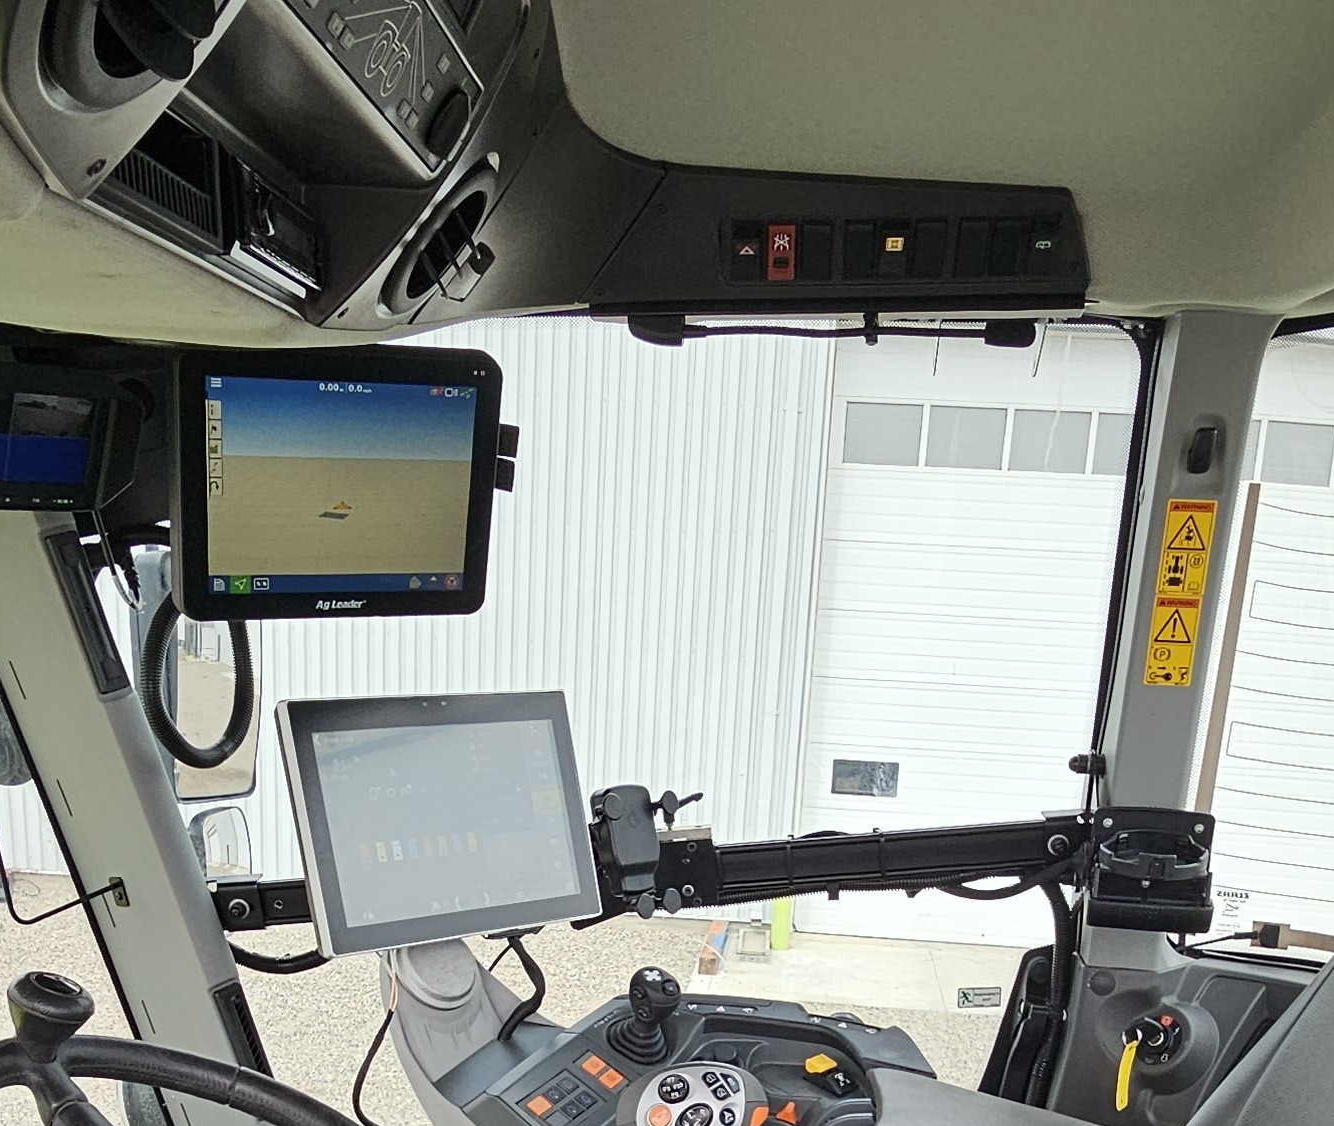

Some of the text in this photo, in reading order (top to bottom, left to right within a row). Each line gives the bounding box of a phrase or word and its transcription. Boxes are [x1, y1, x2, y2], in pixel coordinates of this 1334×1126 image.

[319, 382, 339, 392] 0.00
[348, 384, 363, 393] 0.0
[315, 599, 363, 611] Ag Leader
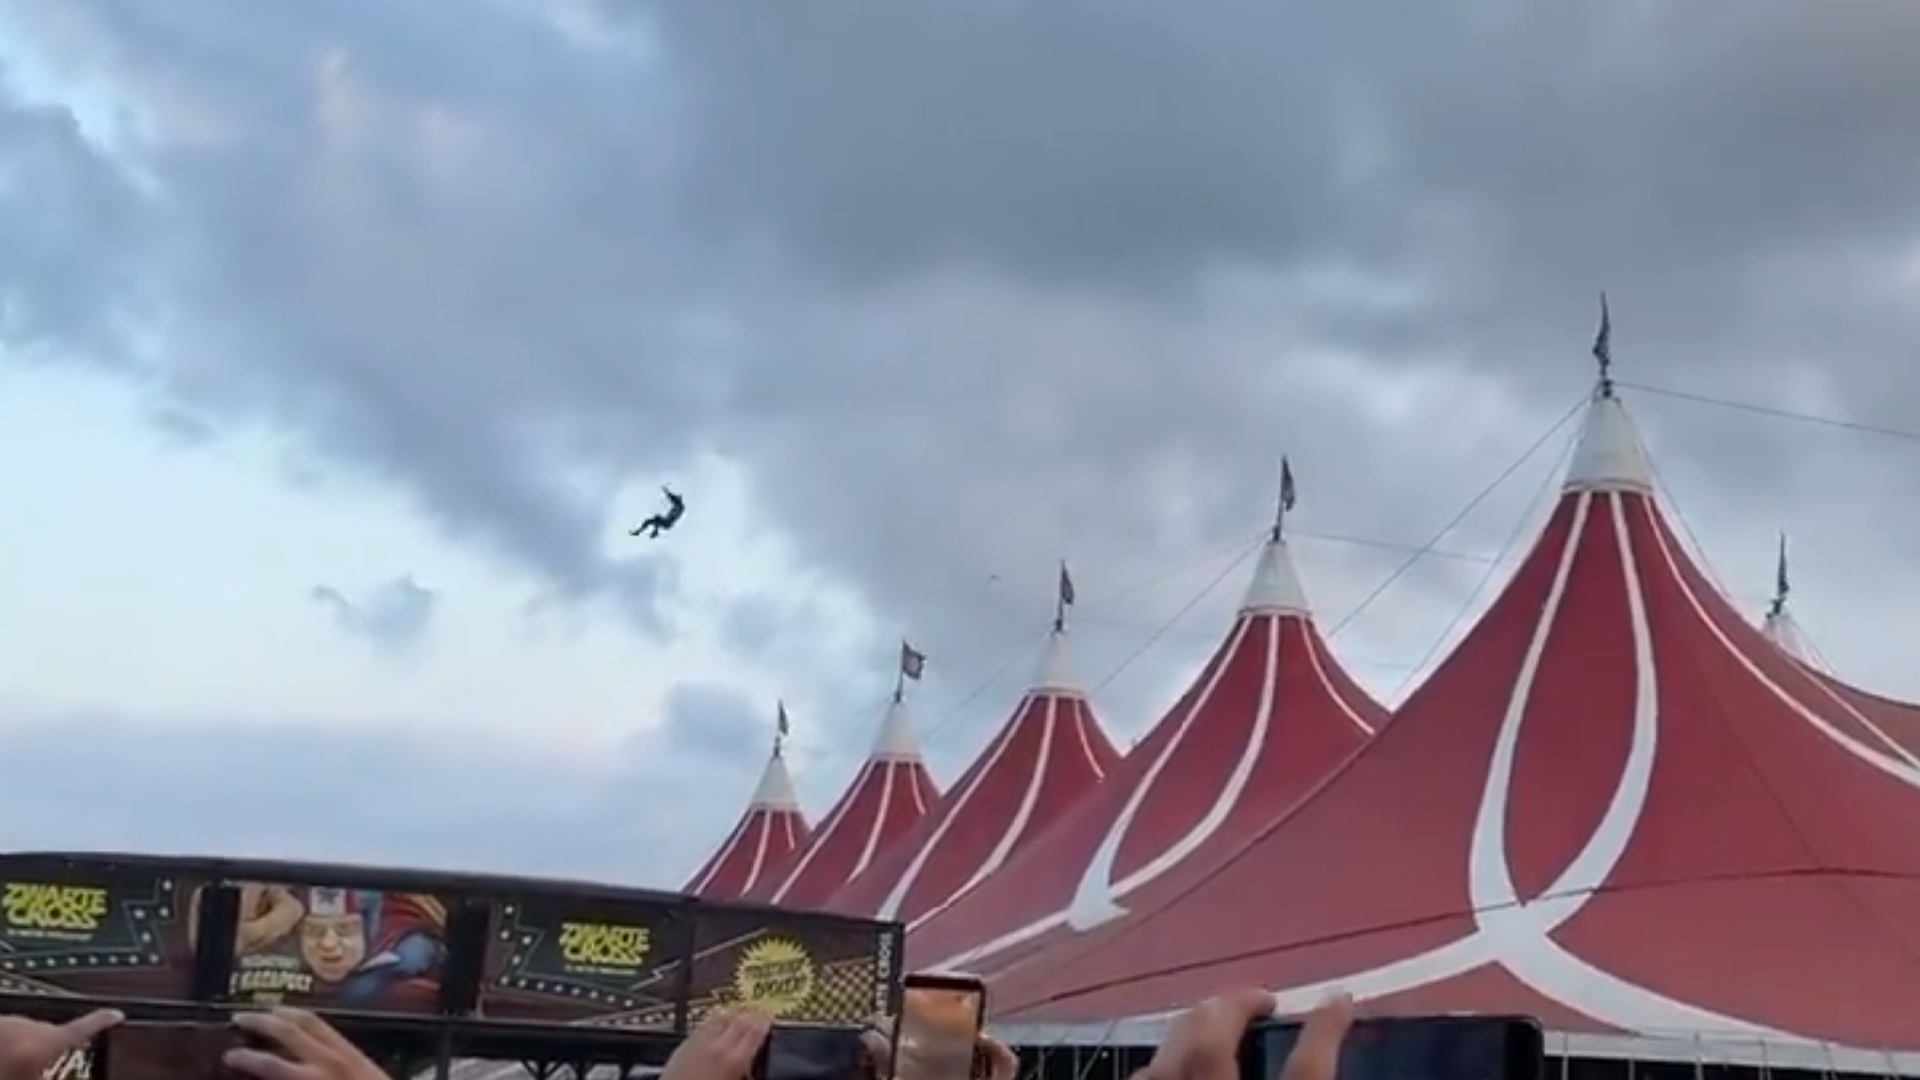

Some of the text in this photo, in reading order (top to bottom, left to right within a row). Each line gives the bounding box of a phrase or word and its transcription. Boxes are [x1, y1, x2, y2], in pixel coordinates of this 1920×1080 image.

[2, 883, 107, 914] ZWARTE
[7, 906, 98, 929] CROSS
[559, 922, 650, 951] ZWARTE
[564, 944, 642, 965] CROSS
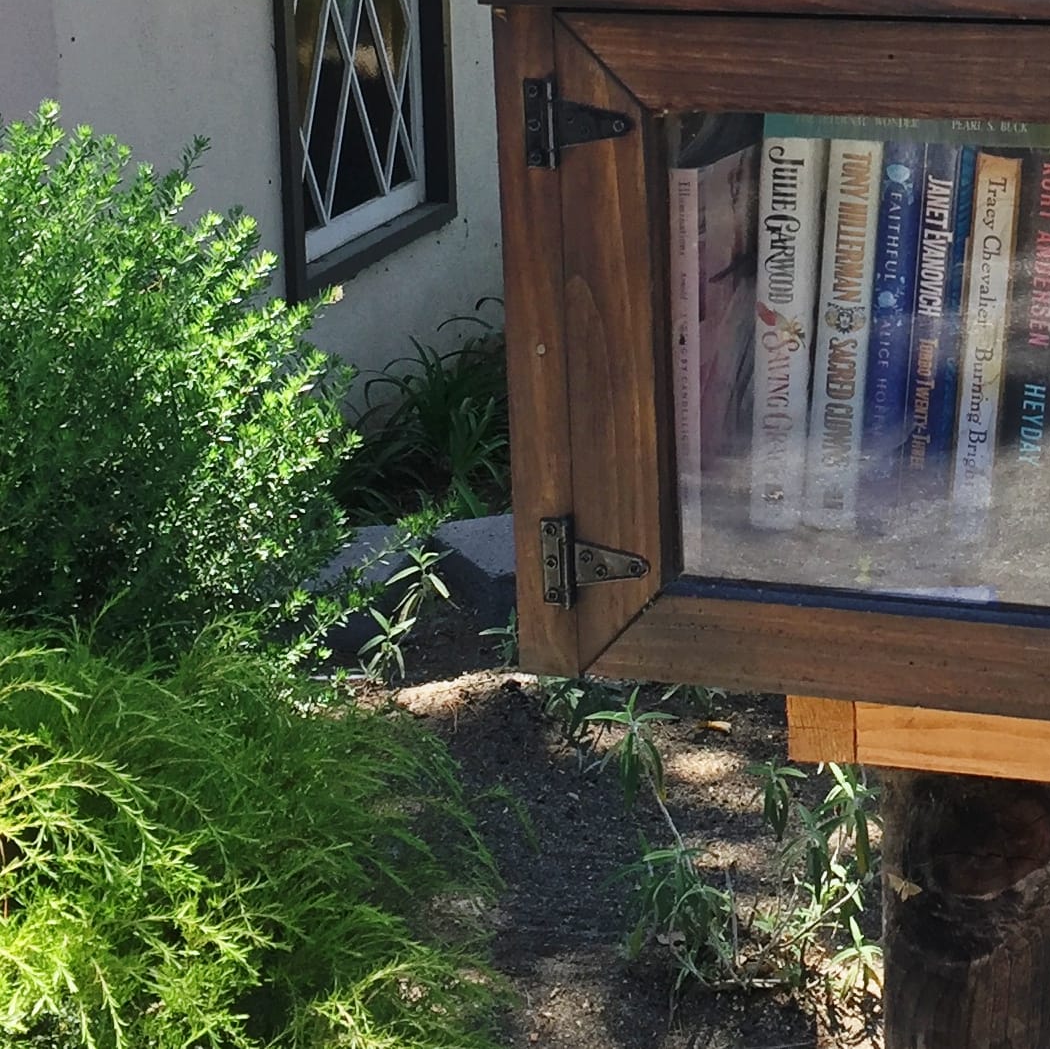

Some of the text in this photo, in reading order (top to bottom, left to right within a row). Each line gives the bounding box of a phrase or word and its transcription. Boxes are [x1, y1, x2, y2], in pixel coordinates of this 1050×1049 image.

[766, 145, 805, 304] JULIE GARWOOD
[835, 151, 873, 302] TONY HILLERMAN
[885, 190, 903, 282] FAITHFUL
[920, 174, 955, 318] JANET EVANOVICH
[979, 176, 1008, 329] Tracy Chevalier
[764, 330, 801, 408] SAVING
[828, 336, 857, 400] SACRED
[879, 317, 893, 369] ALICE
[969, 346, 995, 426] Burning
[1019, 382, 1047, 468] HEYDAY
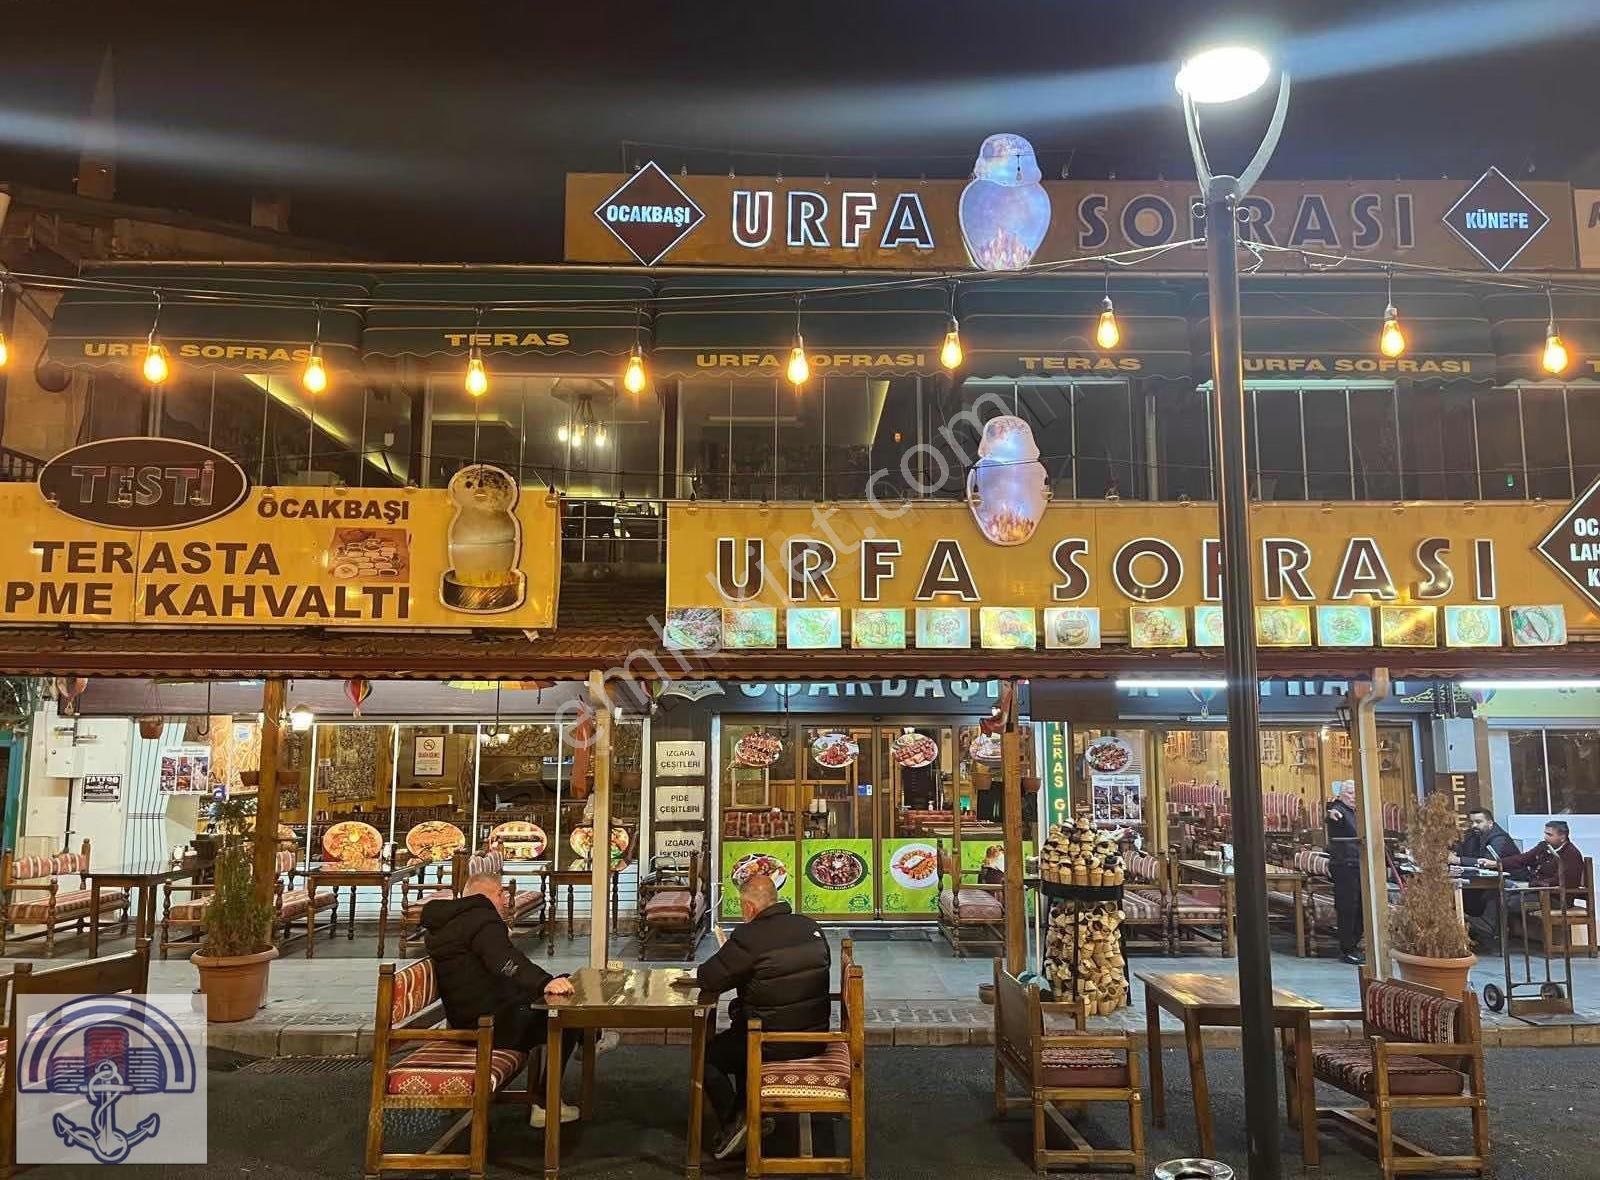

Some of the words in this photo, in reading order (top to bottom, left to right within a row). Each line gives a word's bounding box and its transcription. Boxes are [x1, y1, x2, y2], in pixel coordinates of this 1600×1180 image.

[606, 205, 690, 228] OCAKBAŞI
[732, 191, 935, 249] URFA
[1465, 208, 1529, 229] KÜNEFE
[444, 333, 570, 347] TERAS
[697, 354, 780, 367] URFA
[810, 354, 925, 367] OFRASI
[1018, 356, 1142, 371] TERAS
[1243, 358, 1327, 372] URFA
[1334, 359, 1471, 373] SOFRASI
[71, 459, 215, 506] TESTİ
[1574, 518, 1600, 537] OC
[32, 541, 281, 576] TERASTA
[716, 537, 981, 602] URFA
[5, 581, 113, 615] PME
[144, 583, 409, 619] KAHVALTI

The task >>
Repeat the data word for word. Images are not part of the copy.

Answer to the exercise >>
Some of the text in this photo, in reading order (top to bottom, left to right within a row). Each line gives the bounding box of a phrase or word and its transcription. Boxes are [x1, y1, x2, y2], in pixel coordinates of this 1334×1126 image.

[319, 382, 339, 392] 0.00
[348, 384, 363, 393] 0.0
[315, 599, 363, 611] Ag Leader

Some of the text in this photo, in reading order (top to bottom, left to right within a row). Each line gives the bounding box of a phrase or word and its transcription. Boxes are [x1, y1, x2, y2], in pixel coordinates of this 1920×1080 image.

[2, 883, 107, 914] ZWARTE
[7, 906, 98, 929] CROSS
[559, 922, 650, 951] ZWARTE
[564, 944, 642, 965] CROSS

Some of the text in this photo, in reading order (top to bottom, left to right within a row). Each line gives the bounding box of a phrase or word and its transcription. Boxes are [x1, y1, x2, y2], in pixel coordinates of this 1050×1049 image.

[766, 145, 805, 304] JULIE GARWOOD
[835, 151, 873, 302] TONY HILLERMAN
[885, 190, 903, 282] FAITHFUL
[920, 174, 955, 318] JANET EVANOVICH
[979, 176, 1008, 329] Tracy Chevalier
[764, 330, 801, 408] SAVING
[828, 336, 857, 400] SACRED
[879, 317, 893, 369] ALICE
[969, 346, 995, 426] Burning
[1019, 382, 1047, 468] HEYDAY

Some of the words in this photo, in reading order (top to bottom, left to right within a row). Each line gives a word's bounding box and its transcription. Boxes are [x1, y1, x2, y2], in pixel coordinates of this 1600×1180 image.

[606, 205, 690, 228] OCAKBAŞI
[732, 191, 935, 249] URFA
[1465, 208, 1529, 229] KÜNEFE
[444, 333, 570, 347] TERAS
[697, 354, 780, 367] URFA
[810, 354, 925, 367] OFRASI
[1018, 356, 1142, 371] TERAS
[1243, 358, 1327, 372] URFA
[1334, 359, 1471, 373] SOFRASI
[71, 459, 215, 506] TESTİ
[1574, 518, 1600, 537] OC
[32, 541, 281, 576] TERASTA
[716, 537, 981, 602] URFA
[5, 581, 113, 615] PME
[144, 583, 409, 619] KAHVALTI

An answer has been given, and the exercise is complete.